Most commonly used single-cell technologies in pharma research

I recently directed this question to pharmaceutical researchers. The answers are for as follows:

I don't use any:   33%

scATAC-Seq:     15%

scMultiomics:  15%

Spatial transcriptomics: 37%

Each technology has its own advantages and limitations. Let’s go over them briefly.

scRNA-Seq:

Single-cell RNA sequencing (scRNA-Seq) is the most widely used single-cell genomic technology. For many researchers, “single-cell sequencing” is almost synonymous with scRNA-Seq. It is supported by a variety of protocols and has been widely adopted across laboratories for profiling tissue heterogeneity. Computational tools like Seurat have streamlined data analysis, making this technology well-established and highly supported.

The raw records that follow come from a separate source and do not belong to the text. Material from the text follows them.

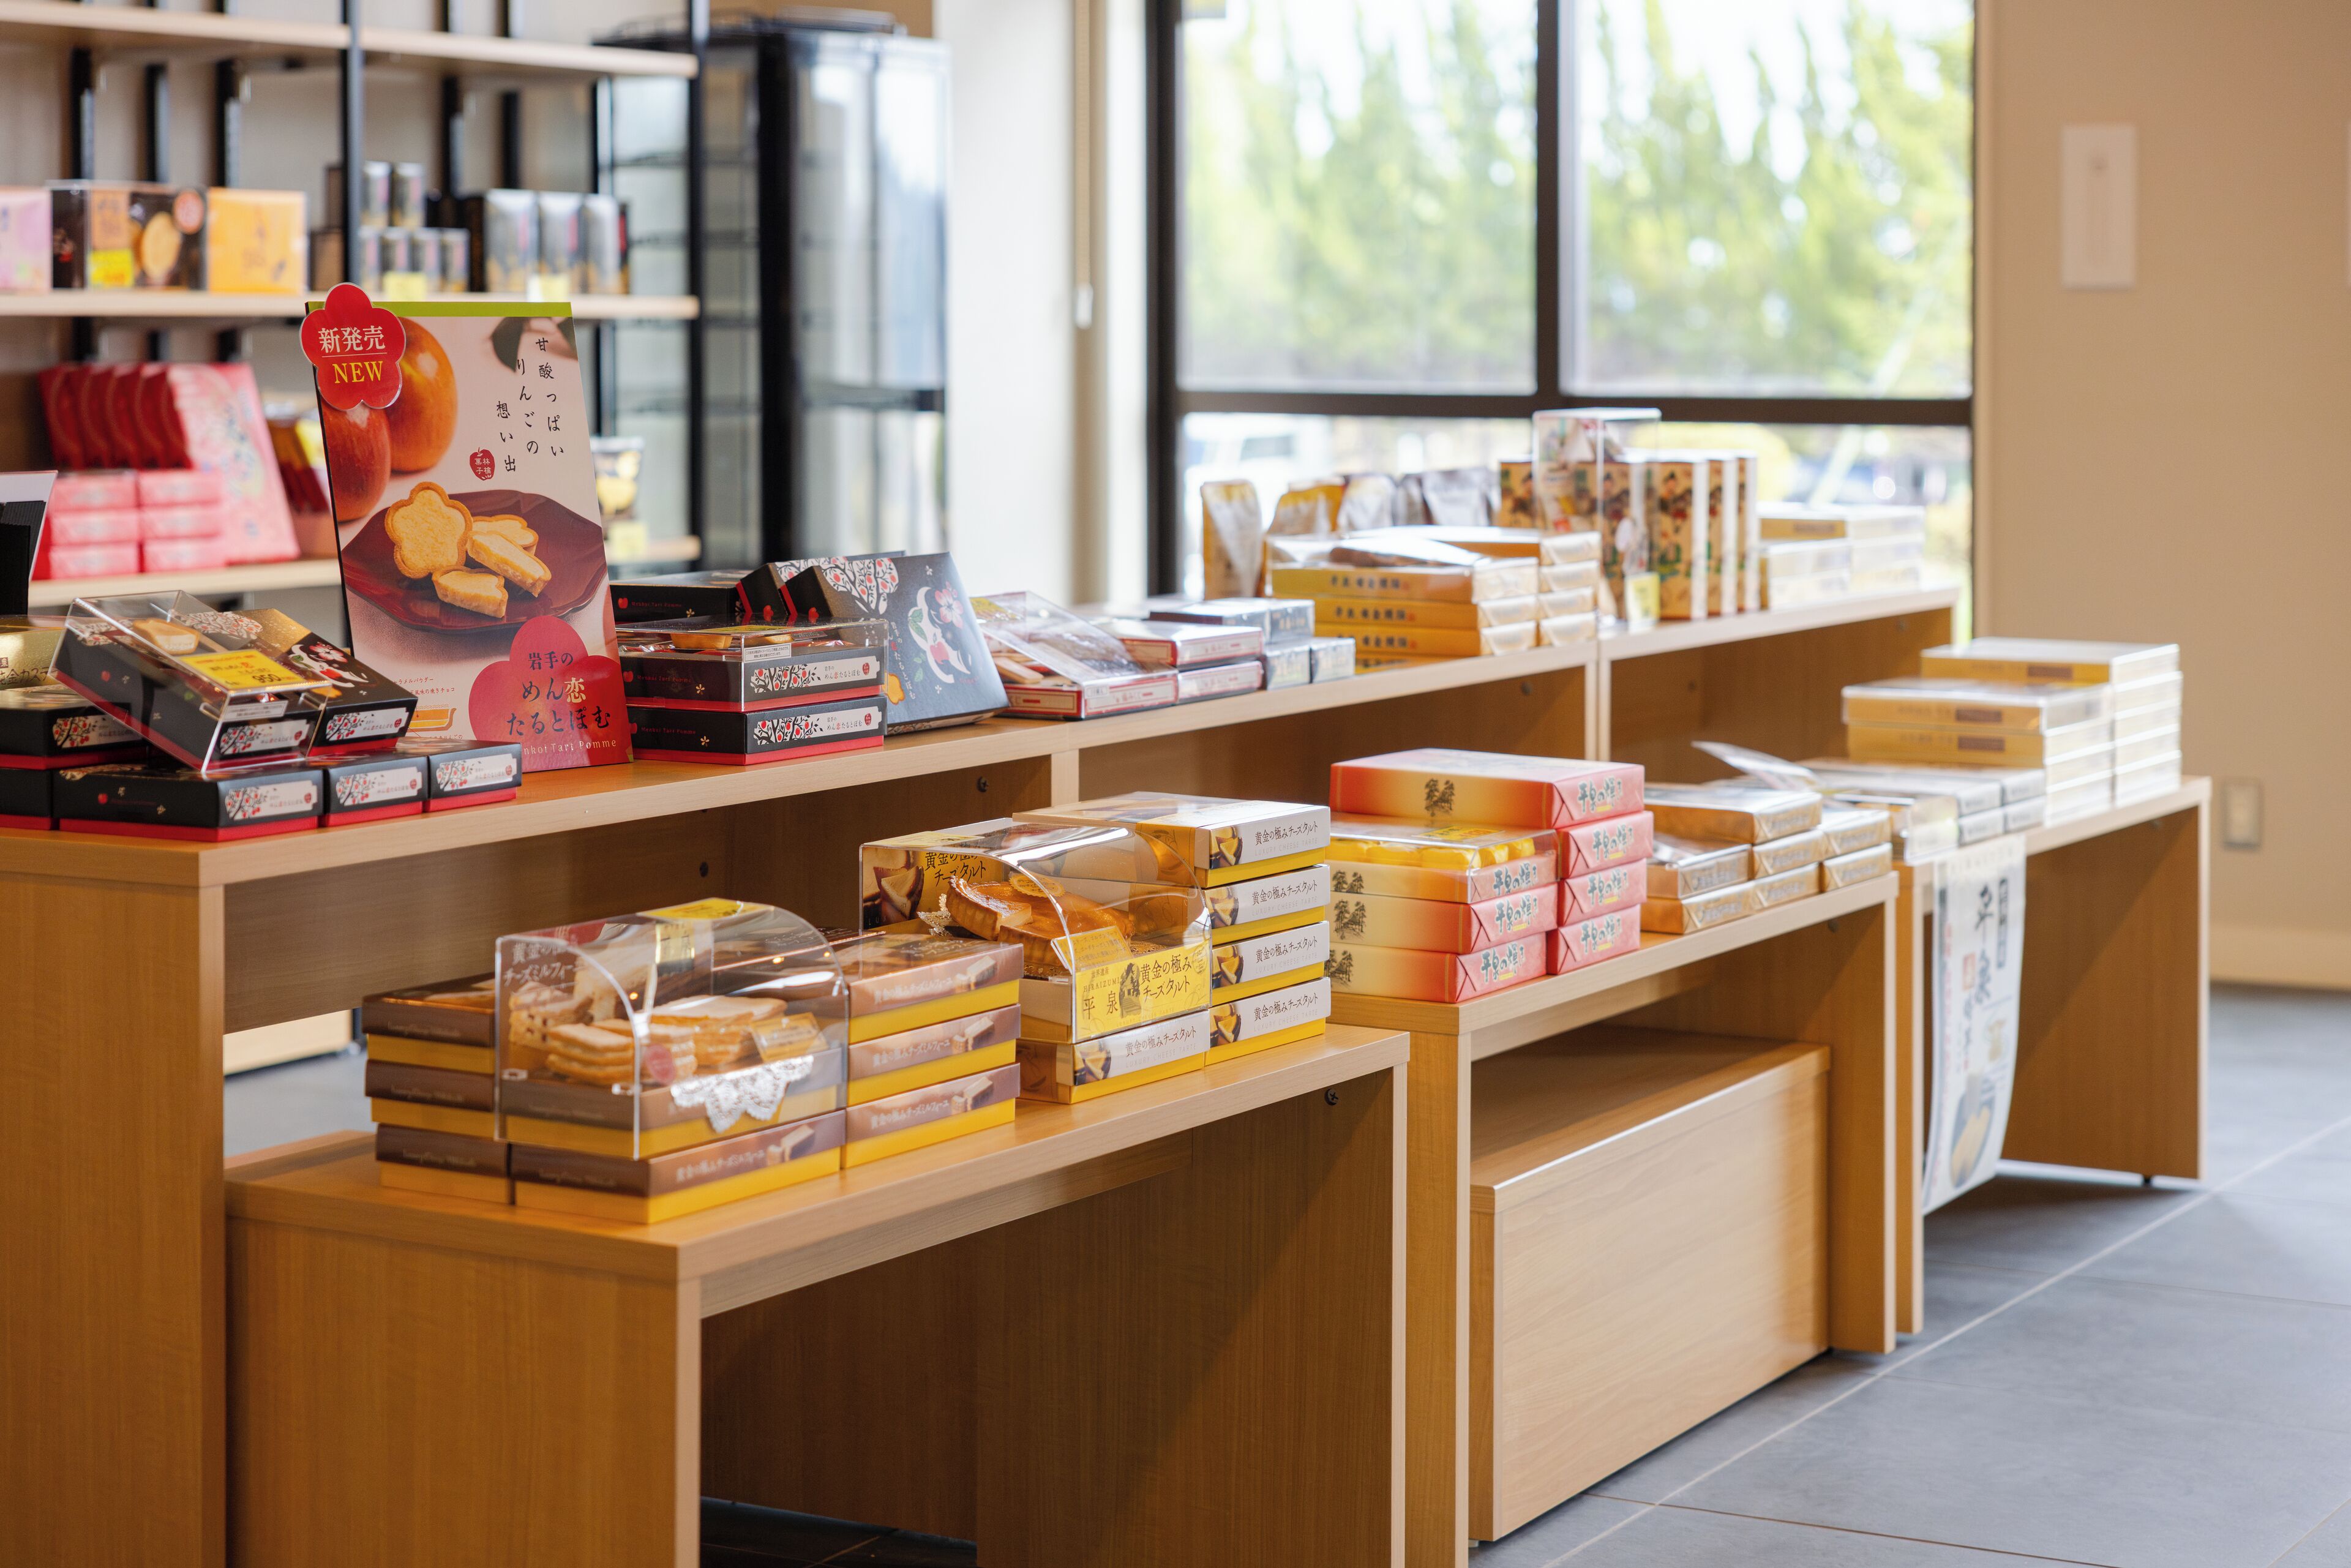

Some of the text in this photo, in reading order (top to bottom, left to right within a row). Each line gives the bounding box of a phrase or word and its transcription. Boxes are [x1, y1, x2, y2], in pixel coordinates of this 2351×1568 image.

[318, 325, 386, 354] 新発売
[332, 361, 384, 384] NEW
[517, 358, 539, 454] りんごの
[535, 337, 564, 457] 甘酸っぱい
[497, 400, 517, 473] 想い出
[528, 651, 574, 670] 岩手の
[252, 673, 282, 684] 950
[824, 670, 861, 680] めん恋たるとぽむ
[522, 677, 587, 703] めん恋
[506, 705, 611, 736] たるとぽむ
[827, 720, 863, 730] めん恋たるとぽむ
[523, 739, 617, 756] nkoi Tart Pomme
[1255, 821, 1318, 846] 黄金の極みチーズタルト
[1279, 842, 1299, 852] CHEESE
[924, 852, 978, 871] 黄金の
[934, 860, 986, 887] チーズタルト
[1252, 879, 1318, 906] 黄金の極みチーズタルト
[1278, 901, 1298, 910] CHEESE
[1496, 894, 1538, 934] 平泉の輝き
[1256, 936, 1318, 964] 黄金の極みチーズタルト
[1480, 943, 1524, 983] 平泉の輝き
[1141, 954, 1192, 985] 黄金の極み
[1083, 977, 1120, 994] HIRAIZUMI
[1143, 975, 1190, 1003] チーズタルト
[1083, 990, 1119, 1019] 平泉
[1254, 992, 1318, 1021] 黄金の極みチーズタルト
[1278, 1015, 1299, 1026] CHEESE
[1125, 1026, 1196, 1057] 黄金の極みチーズタルト
[1153, 1049, 1176, 1060] CHEESE

scRNA-Seq provides transcriptomic profiles of individual cells at a reasonable cost, enabling detailed analysis of cellular heterogeneity. However, despite its popularity, it has limitations. It only captures the abundance of (pre-)messenger RNAs—essentially an intermediate step in the central dogma. These RNAs are transcribed from DNA but have not yet been translated into proteins. As a result, scRNA-Seq offers a snapshot of the transcriptome, not the full biological outcome.

This means that abnormalities detected at the RNA level may not reveal their true causes (which lie in the genome) or consequences (which are reflected in the proteome). Therefore, scRNA-Seq provides only a partial picture of the cellular state. A comprehensive understanding often requires insights into both the genome (e.g., DNA mutations, chromatin accessibility) and the proteome (e.g., final protein products).

scATAC-Seq – 15%:

Advances in molecular genetics have revealed that gene expression is tightly regulated by non-coding regulatory regions in the genome. These elements act as molecular switches and influence cell state, polarization, and differentiation. Typically, these switches are activated by protein complexes like transcription factors and cofactors. For binding and activation to occur, the chromatin must be open and accessible.

scATAC-Seq profiles these accessible regions, which are likely to harbor active regulatory elements capable of initiating gene transcription. In this sense, it captures the epigenetic state of the chromatin—effectively a step upstream of transcription in the central dogma.

Chromatin accessibility tends to be more stable and less stochastic than gene expression, providing a more consistent picture of cell identity. Therefore, scATAC-Seq offers valuable insights, particularly into the regulatory landscape of cells.

However, a significant drawback is the difficulty in annotating cell clusters. Unlike scRNA-Seq, where clusters can be readily identified using known marker genes, scATAC-Seq lacks such clear-cut signatures. Most cell clusters do not show distinctive activation patterns for known markers, making cell-type assignment and downstream analysis more challenging and fragile.

scMultiomics – 15%:

Single-cell multiomics technologies have gained momentum since the late 2010s. These protocols capture more than one type of molecular data—such as combinations of gene expression, chromatin accessibility, DNA methylation, and mutation profiling—from the same cell.

These technologies are particularly powerful when one of the modalities is scRNA-Seq. For most non-transcriptomic single-cell data types, annotating cell populations remains challenging due to the lack of direct gene expression information. However, the integration with scRNA-Seq allows reliable cell-type identification using transcriptomic data.

Despite their robustness and comprehensive insights, scMultiomics approaches can be cost-prohibitive and logistically complex, which may limit their practical application in some settings.

Spatial Transcriptomics – 37%:

Location matters—not just for real estate, but also for cells. The function and behavior of cells are heavily influenced by their spatial context within tissues.

Spatial transcriptomics technologies provide not only single-cell gene expression data but also information about the physical location of cells. This allows for the comparison of expression profiles across different tissue regions, making it an especially powerful tool for studying intercellular interactions.

Currently, a trade-off exists between throughput and resolution. Some protocols offer genome-wide expression coverage but lack single-cell resolution. Others achieve subcellular resolution but are limited to a predefined panel of genes. Nonetheless, rapid advancements are being made in this field, and technologies are steadily approaching high-resolution, high-throughput spatial profiling.